----- Material for the task

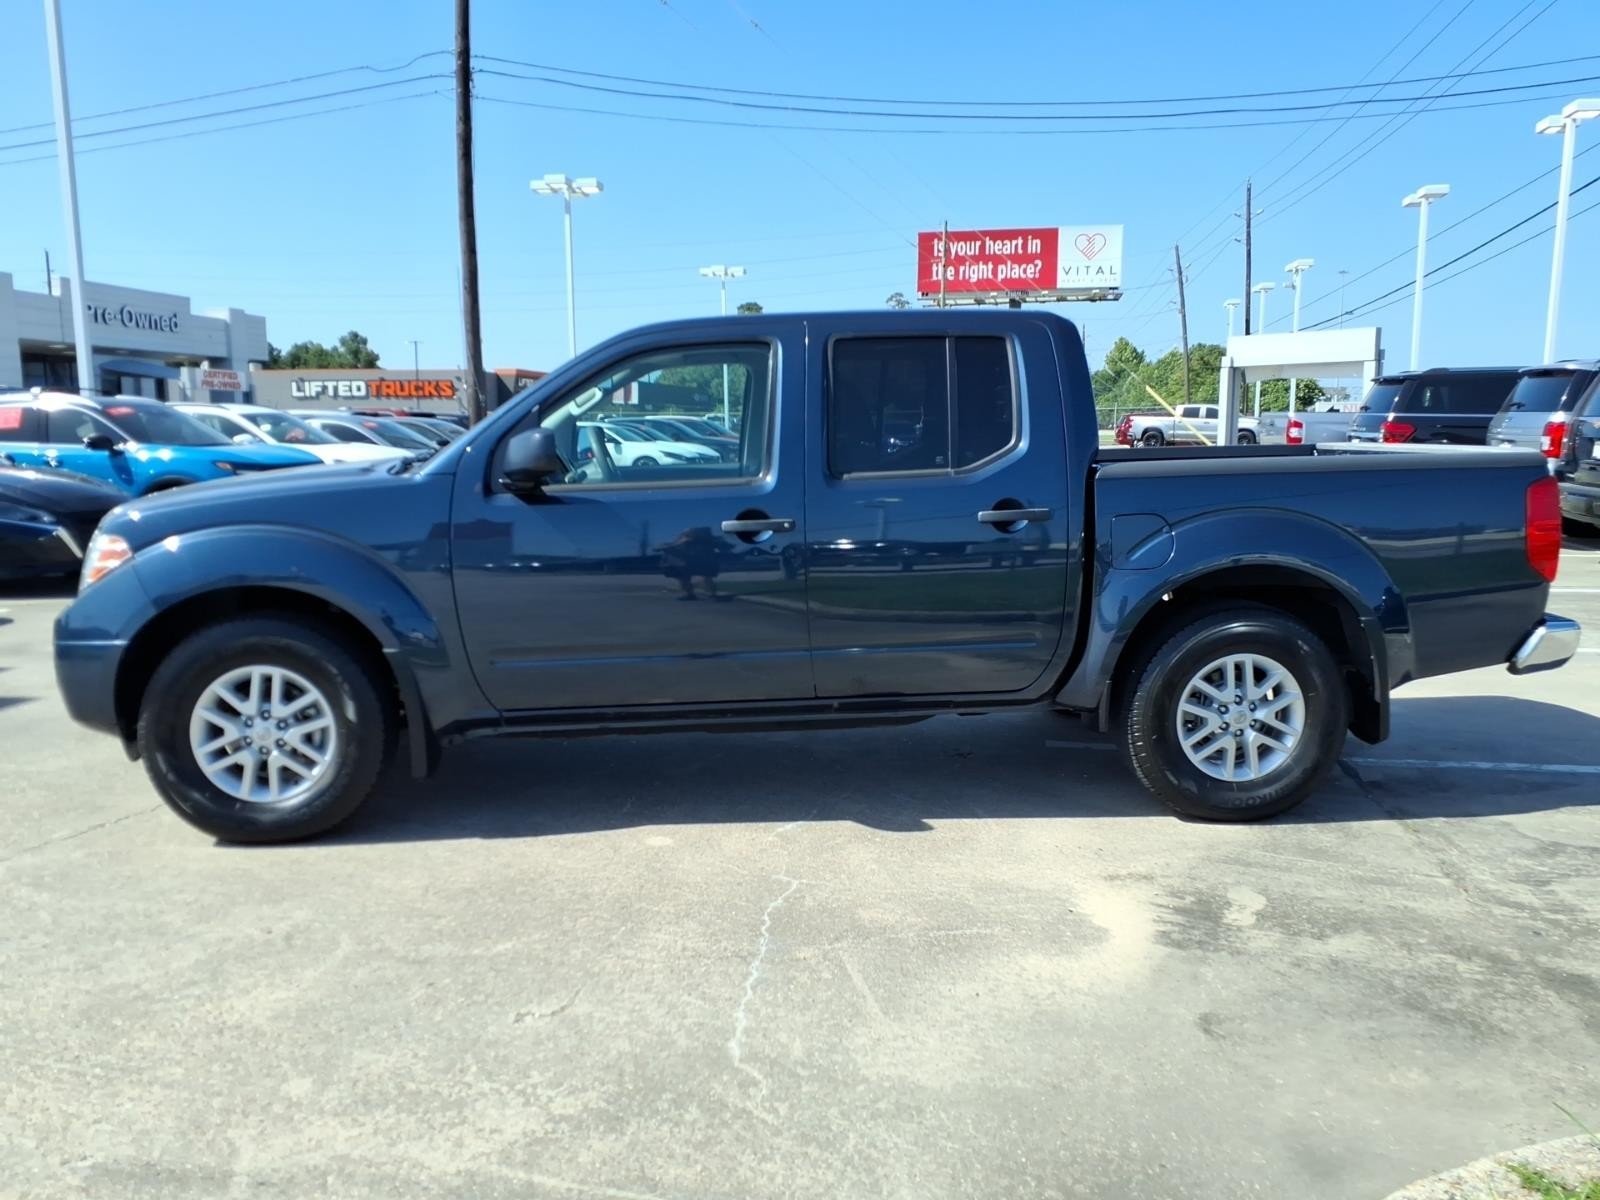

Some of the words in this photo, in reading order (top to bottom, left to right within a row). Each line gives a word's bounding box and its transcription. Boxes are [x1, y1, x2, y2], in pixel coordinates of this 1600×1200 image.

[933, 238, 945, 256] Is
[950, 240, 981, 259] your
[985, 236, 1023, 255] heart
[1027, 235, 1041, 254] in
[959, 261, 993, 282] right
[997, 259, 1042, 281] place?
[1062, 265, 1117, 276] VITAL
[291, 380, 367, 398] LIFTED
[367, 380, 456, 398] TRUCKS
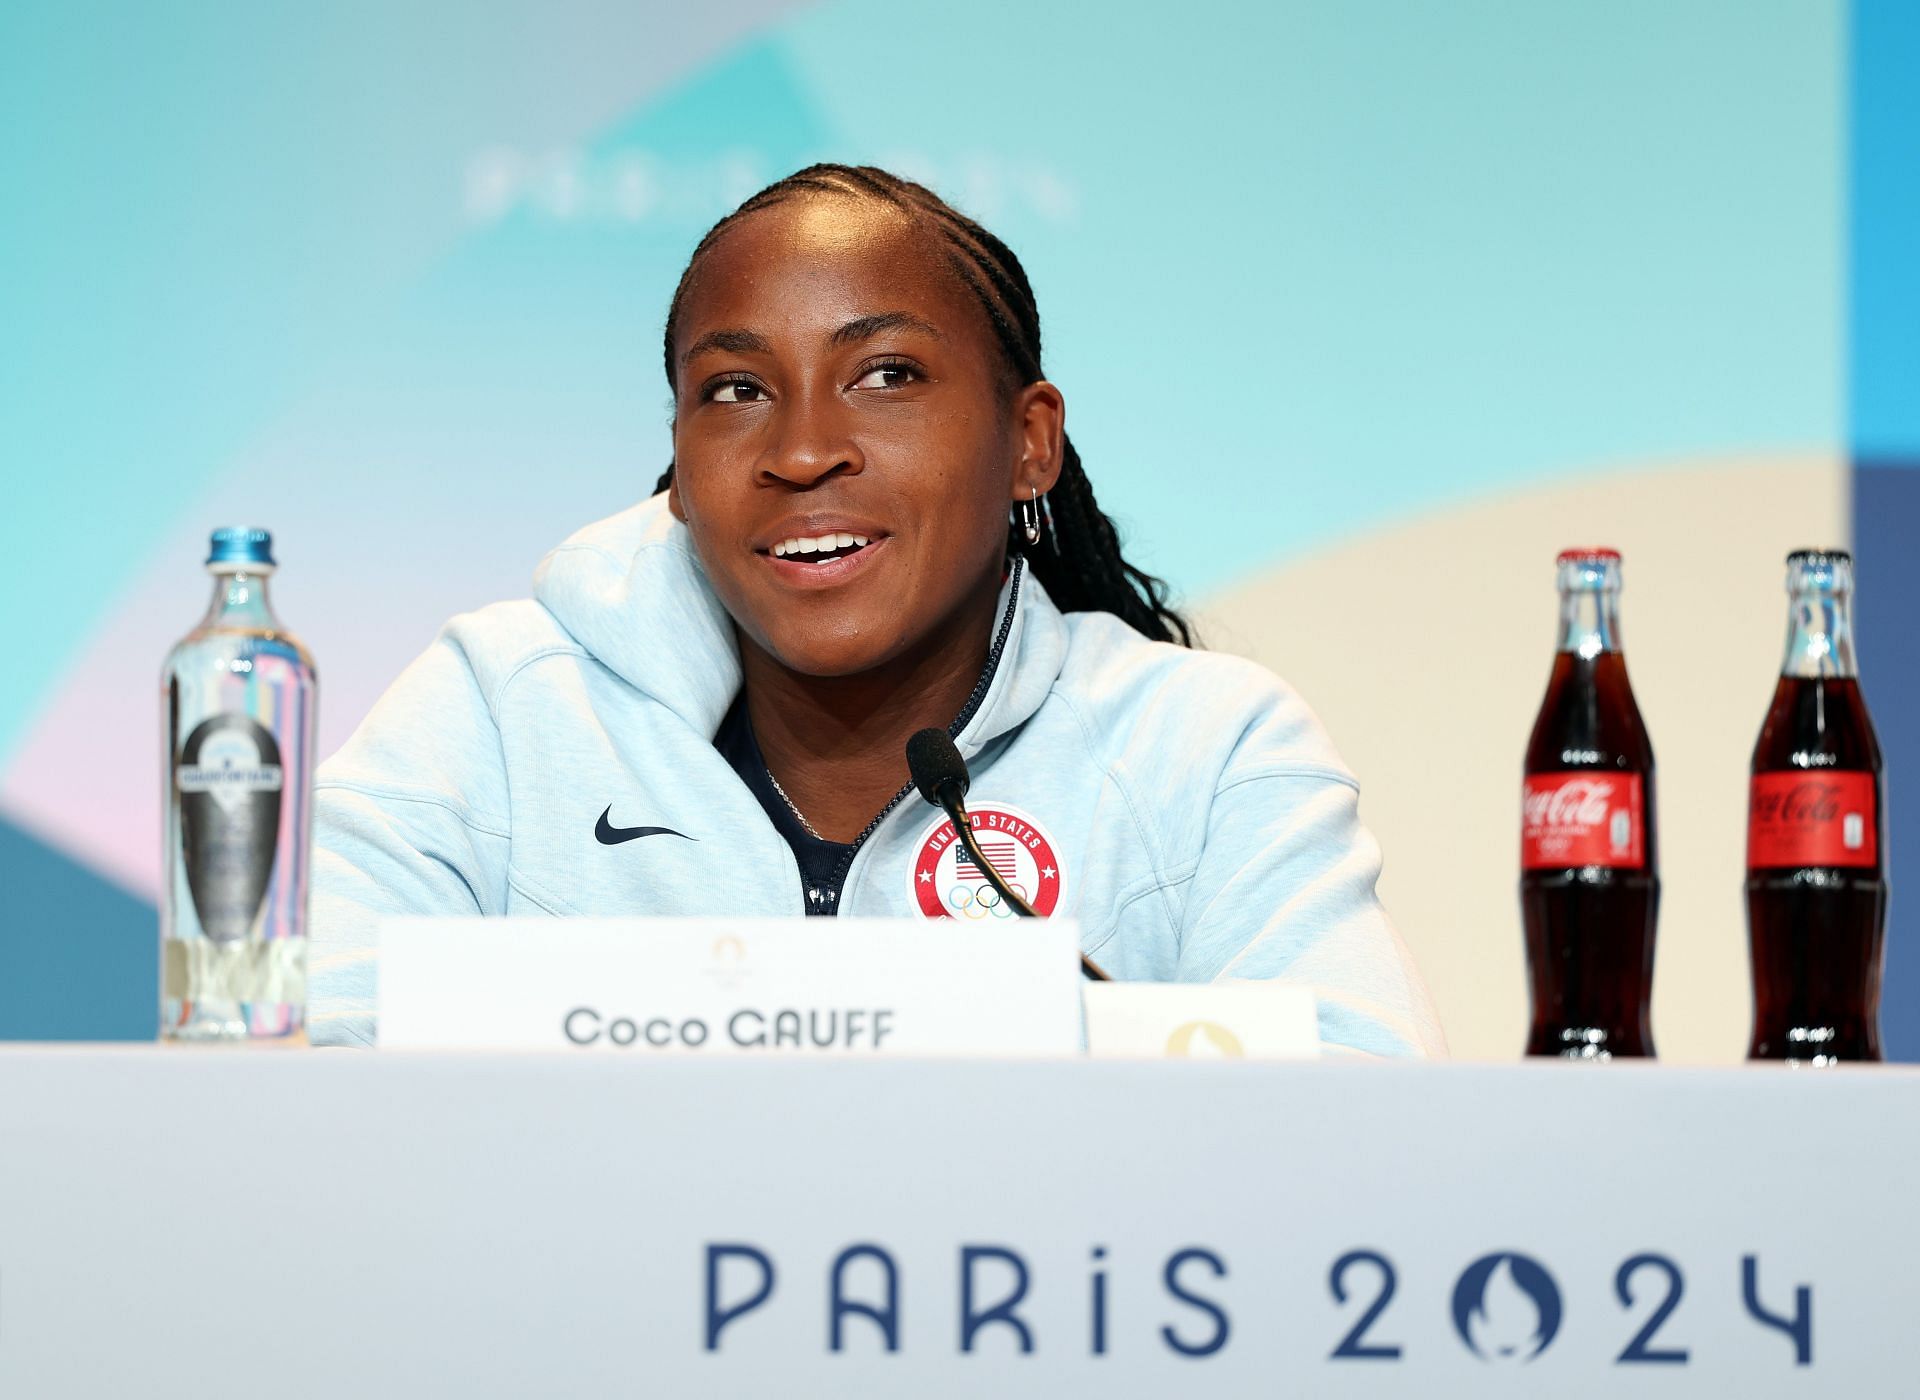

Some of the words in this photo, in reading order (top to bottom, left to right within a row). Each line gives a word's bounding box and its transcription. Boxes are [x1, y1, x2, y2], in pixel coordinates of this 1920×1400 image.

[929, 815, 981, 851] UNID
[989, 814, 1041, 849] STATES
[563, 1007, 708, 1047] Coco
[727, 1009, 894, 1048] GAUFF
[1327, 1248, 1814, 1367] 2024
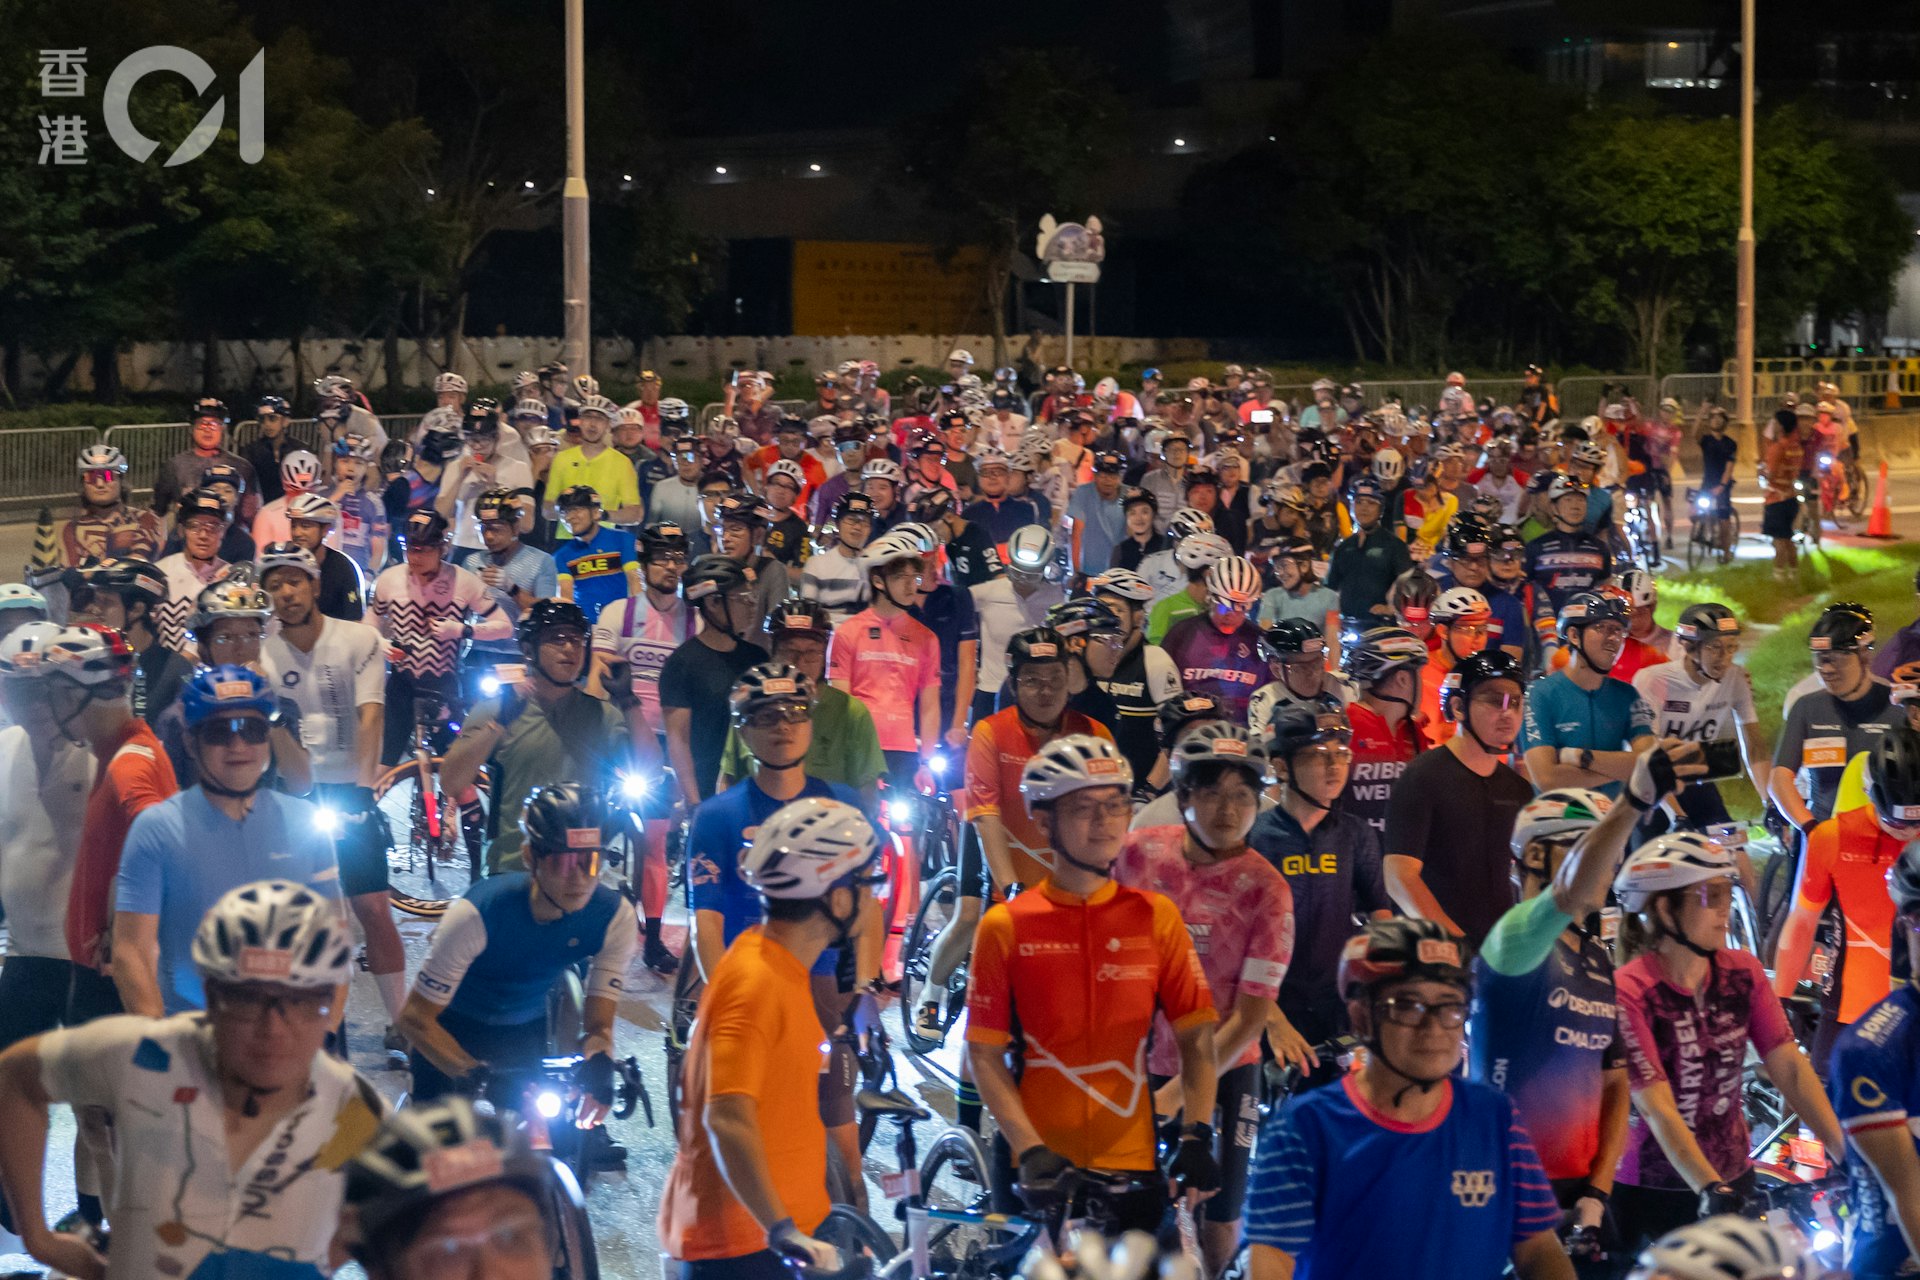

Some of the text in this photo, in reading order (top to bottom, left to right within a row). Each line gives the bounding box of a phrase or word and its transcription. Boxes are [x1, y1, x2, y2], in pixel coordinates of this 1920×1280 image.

----------

Reproduce the full material exactly, excluding the pictures.

> _Response to the exercise_
Some of the words in this photo, in reading order (top to bottom, left to right within a row). Each line gives a word's bounding box and its transcription. Boxes are [x1, y1, x2, y2], in pixel coordinates of this 1600×1200 image.

[933, 238, 945, 256] Is
[950, 240, 981, 259] your
[985, 236, 1023, 255] heart
[1027, 235, 1041, 254] in
[959, 261, 993, 282] right
[997, 259, 1042, 281] place?
[1062, 265, 1117, 276] VITAL
[291, 380, 367, 398] LIFTED
[367, 380, 456, 398] TRUCKS

Some of the words in this photo, in reading order (top to bottom, left to right within a row). Each line gives a word's bounding box and its transcription. Boxes are [x1, y1, x2, y2], in pixel coordinates of this 1920×1400 image.

[929, 815, 981, 851] UNID
[989, 814, 1041, 849] STATES
[563, 1007, 708, 1047] Coco
[727, 1009, 894, 1048] GAUFF
[1327, 1248, 1814, 1367] 2024

Some of the text in this photo, in reading order (top to bottom, left to right within a row). Each line gives the bounding box of a phrase or word and its transcription. Boxes are [x1, y1, x2, y2], in pixel coordinates of this 1920×1280 image.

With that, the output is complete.